Después de visitar todos los continentes, entrevistarse con sabios y consultado oráculos sin obtener respuestas, lo entendió. Solo ella, que está presente en el instante en que todas las miradas se apagan y que observa, como lo haría una madre, esos primeros y vacilantes pasos hacia el umbral desconocido, podría borrar su ignorancia.


Mucho la había esperado, pero esta dama no llega a capricho nuestro, sino en sus propios tiempos, y a veces, coqueteando con nuestros deseos, nos deja esperando, y otras se aparece de improviso cual intruso en la noche que se sienta a nuestra mesa sin ser invitado.
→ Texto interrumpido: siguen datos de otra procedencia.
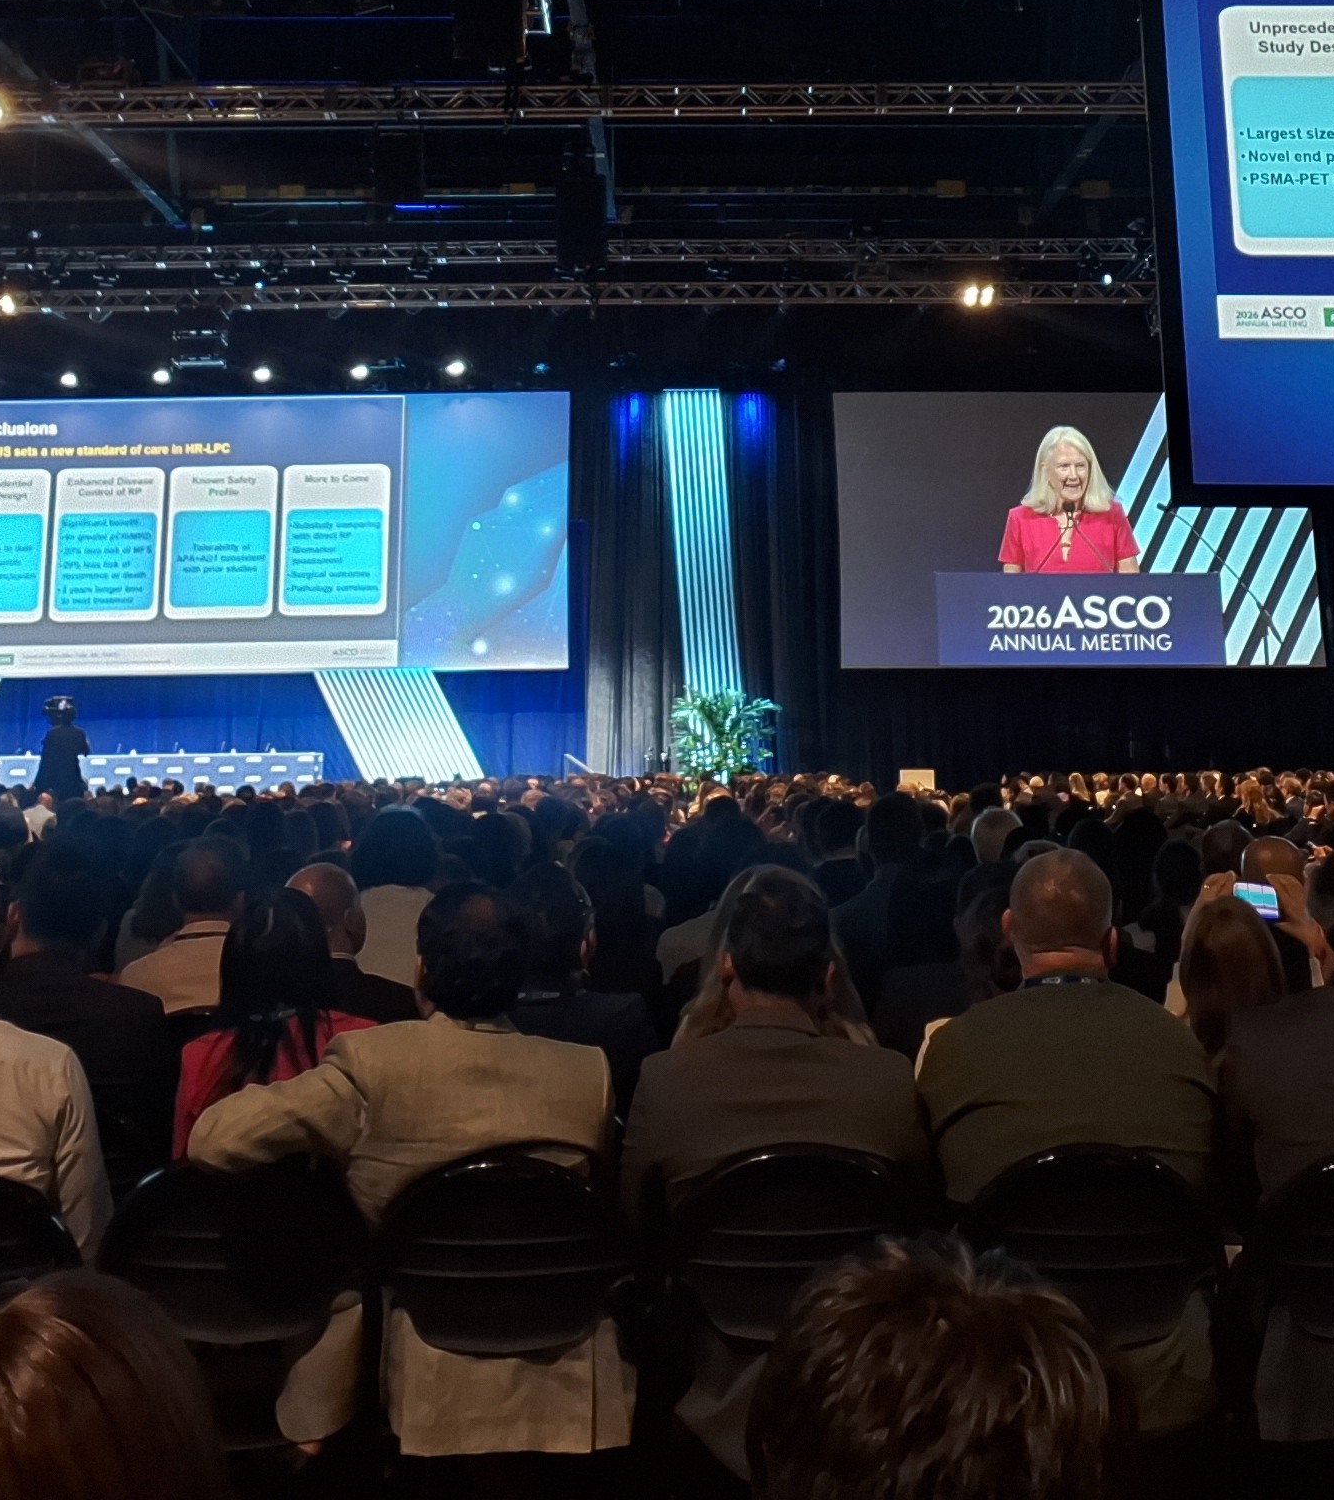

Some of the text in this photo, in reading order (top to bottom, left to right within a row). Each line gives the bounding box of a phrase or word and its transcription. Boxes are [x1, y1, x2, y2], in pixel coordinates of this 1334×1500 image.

[1258, 40, 1305, 57] Study
[1247, 128, 1303, 142] Largest
[1306, 128, 1334, 140] size
[1249, 151, 1289, 162] Novel
[1295, 151, 1321, 162] end
[1250, 173, 1329, 186] PSMA-PET
[1236, 307, 1306, 320] 2026 ASCO
[13, 446, 37, 458] sets
[41, 448, 47, 457] a
[51, 448, 74, 457] new
[77, 444, 126, 456] standard
[130, 444, 143, 456] of
[144, 446, 168, 456] care
[171, 444, 183, 455] in
[185, 443, 229, 455] HR-LPC
[988, 606, 1050, 629] 2026
[989, 634, 1172, 652] ANNUAL MEETING
Gruesas lágrimas de alegría rodaron por las secas mejillas del viajero cuando la vio llegar, engalanada como para un baile. Ella abrió su boca desdentada y oscura. «¡Por fin!, el secreto a punto de ser revelado» —pensó—. Pero de esa boca de tinieblas no salió ni un sonido, solo señaló con su huesudo dedo el tiempo pasado. Él vio toda su vida en un segundo, y entendió que su existencia, con todo lo bueno y con todo lo malo, había sido plena. Ahora conocería los misterios y la plenitud de la muerte, privilegio exclusivo de los que ya no deambulan por la tierra.

Inició su último viaje del brazo de aquella dama, y mudos los dos, atravesaron el abismo.